Dataset entries:
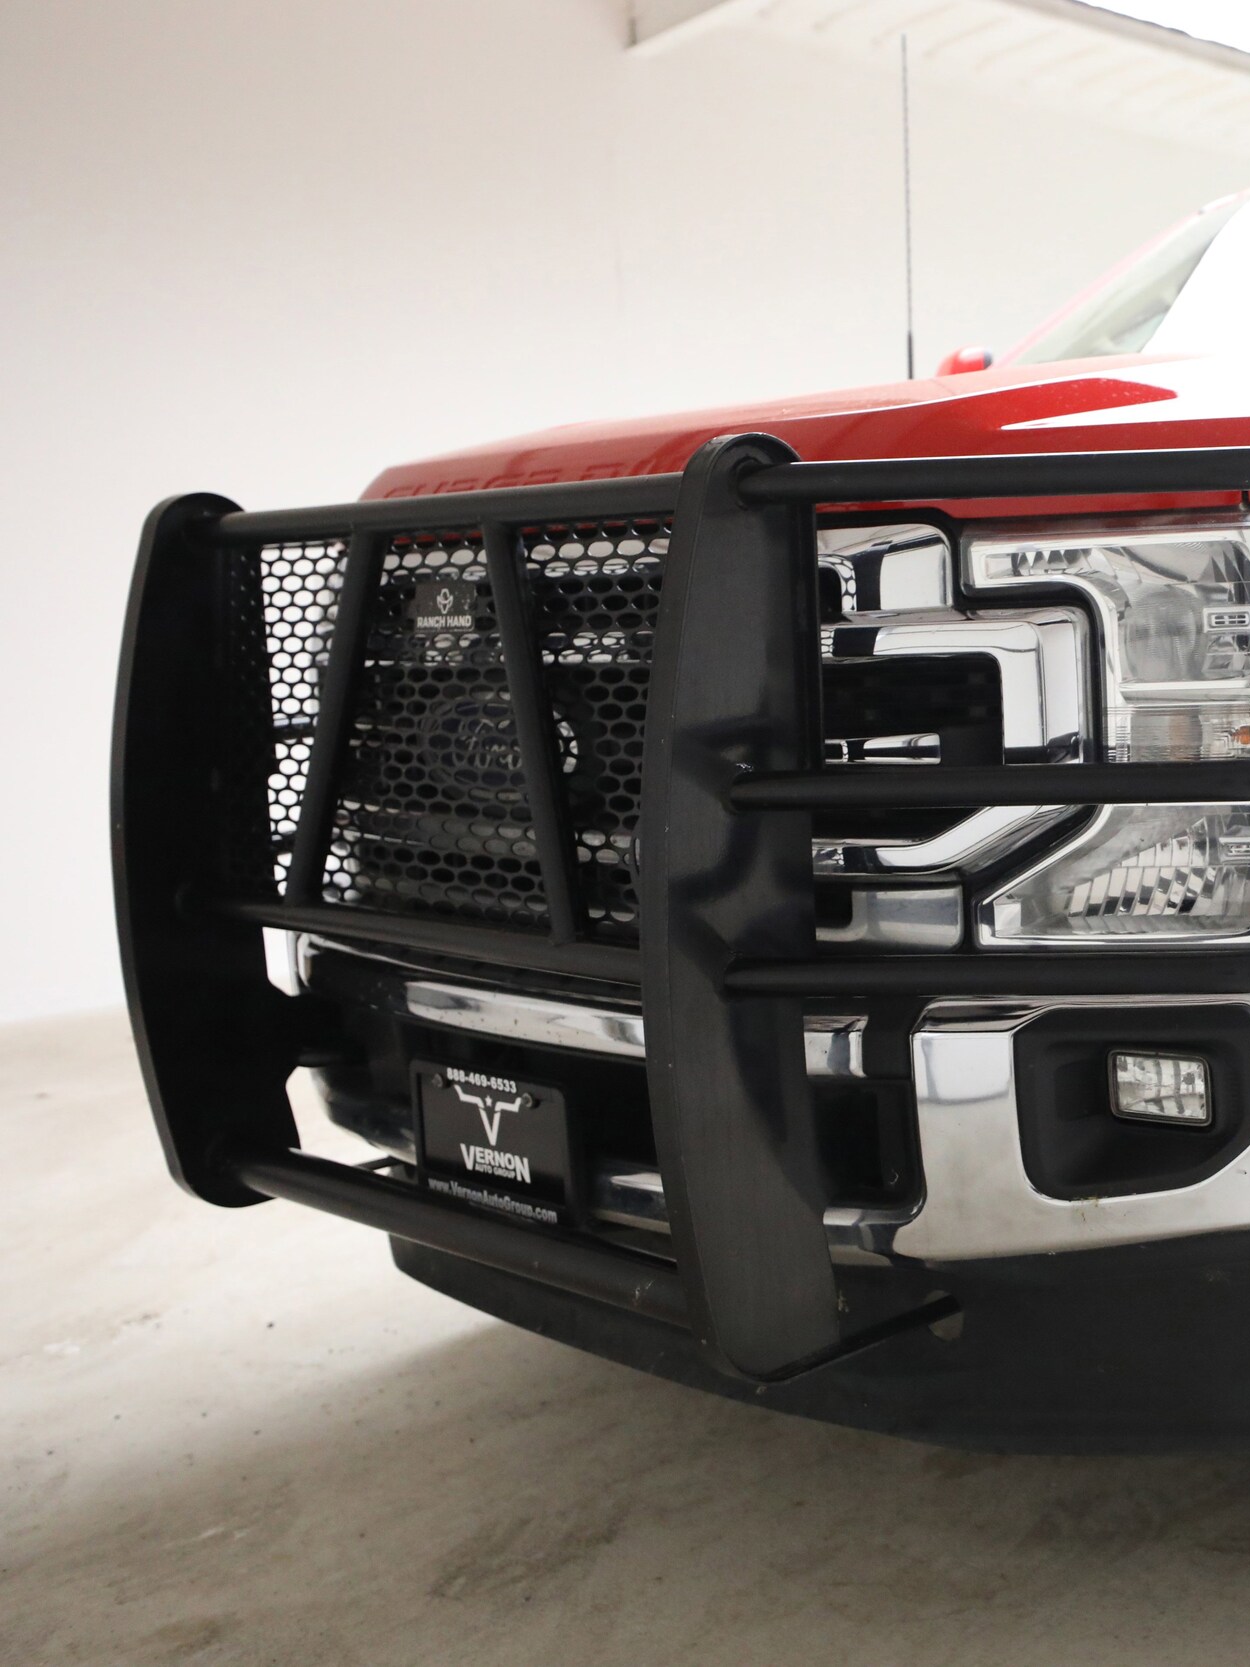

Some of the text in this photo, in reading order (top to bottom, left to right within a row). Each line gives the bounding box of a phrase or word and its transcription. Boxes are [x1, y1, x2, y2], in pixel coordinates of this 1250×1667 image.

[416, 615, 472, 629] RANCH HAND
[447, 1068, 517, 1093] 888-469-6533
[460, 1143, 531, 1183] VERNON
[474, 1163, 516, 1179] AUTO GROUP
[428, 1178, 557, 1223] www.VernonAutoGroup.com
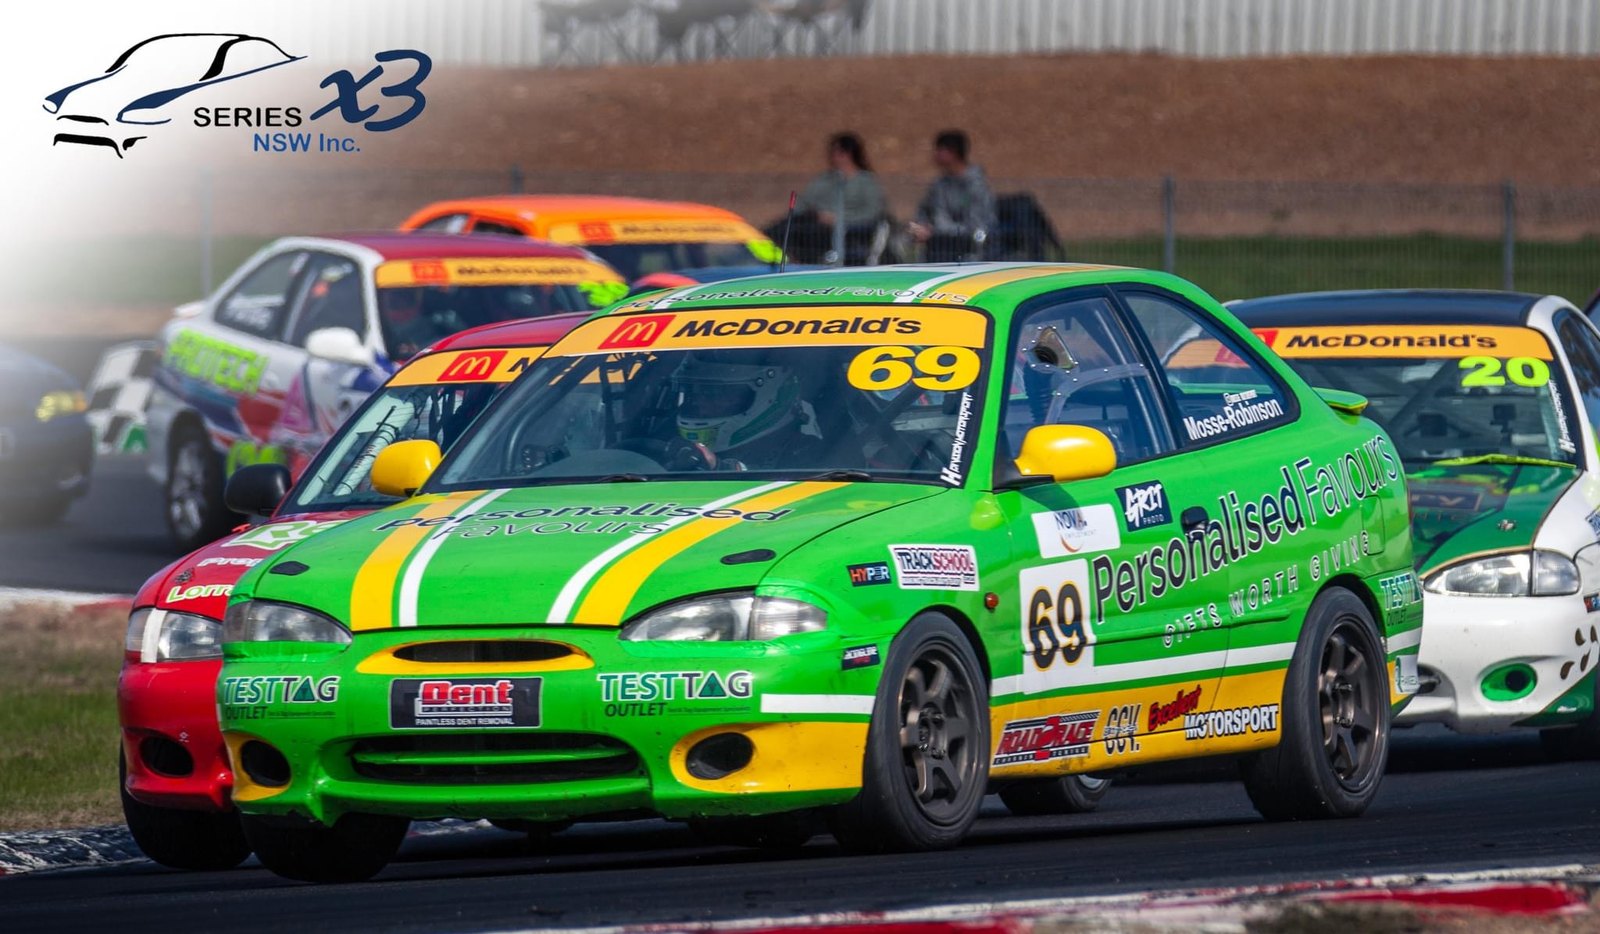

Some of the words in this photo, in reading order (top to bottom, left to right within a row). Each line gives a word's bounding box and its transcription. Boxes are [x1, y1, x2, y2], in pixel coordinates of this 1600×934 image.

[673, 316, 921, 338] McDonald's
[1285, 332, 1497, 349] McDonald's
[847, 345, 981, 391] 69
[1458, 355, 1550, 387] 20
[1182, 399, 1284, 440] Mosse-Robinson
[1125, 484, 1163, 527] GRIT
[1143, 514, 1164, 525] PHOTO
[850, 565, 890, 583] HYPER
[1163, 602, 1222, 648] GIFTS
[1228, 564, 1299, 617] WORTH
[1310, 530, 1369, 582] GIVING
[1029, 579, 1088, 672] 69
[418, 679, 514, 706] Dent
[225, 706, 268, 720] OUTLET
[415, 717, 456, 726] PAINTLESS
[457, 717, 476, 725] DENT
[477, 717, 514, 725] REMOVAL
[604, 702, 667, 717] OUTLET
[1184, 703, 1279, 740] MOTORSPORT

**AIM OF THE TASK**
Your copy should match the entries above exactly and contain no pictures.

**TASK OUTPUT**
Some of the text in this photo, in reading order (top to bottom, left to right within a row). Each line gives the bounding box of a phrase or word and its transcription. Boxes are [x1, y1, x2, y2], in pixel coordinates of this 1250×1667 image.

[416, 615, 472, 629] RANCH HAND
[447, 1068, 517, 1093] 888-469-6533
[460, 1143, 531, 1183] VERNON
[474, 1163, 516, 1179] AUTO GROUP
[428, 1178, 557, 1223] www.VernonAutoGroup.com

Some of the words in this photo, in reading order (top to bottom, left to right within a row). Each line gives a word's bounding box and its transcription. Boxes are [x1, y1, x2, y2], in pixel coordinates of this 1600×934 image.

[673, 316, 921, 338] McDonald's
[1285, 332, 1497, 349] McDonald's
[847, 345, 981, 391] 69
[1458, 355, 1550, 387] 20
[1182, 399, 1284, 440] Mosse-Robinson
[1125, 484, 1163, 527] GRIT
[1143, 514, 1164, 525] PHOTO
[850, 565, 890, 583] HYPER
[1163, 602, 1222, 648] GIFTS
[1228, 564, 1299, 617] WORTH
[1310, 530, 1369, 582] GIVING
[1029, 579, 1088, 672] 69
[418, 679, 514, 706] Dent
[225, 706, 268, 720] OUTLET
[415, 717, 456, 726] PAINTLESS
[457, 717, 476, 725] DENT
[477, 717, 514, 725] REMOVAL
[604, 702, 667, 717] OUTLET
[1184, 703, 1279, 740] MOTORSPORT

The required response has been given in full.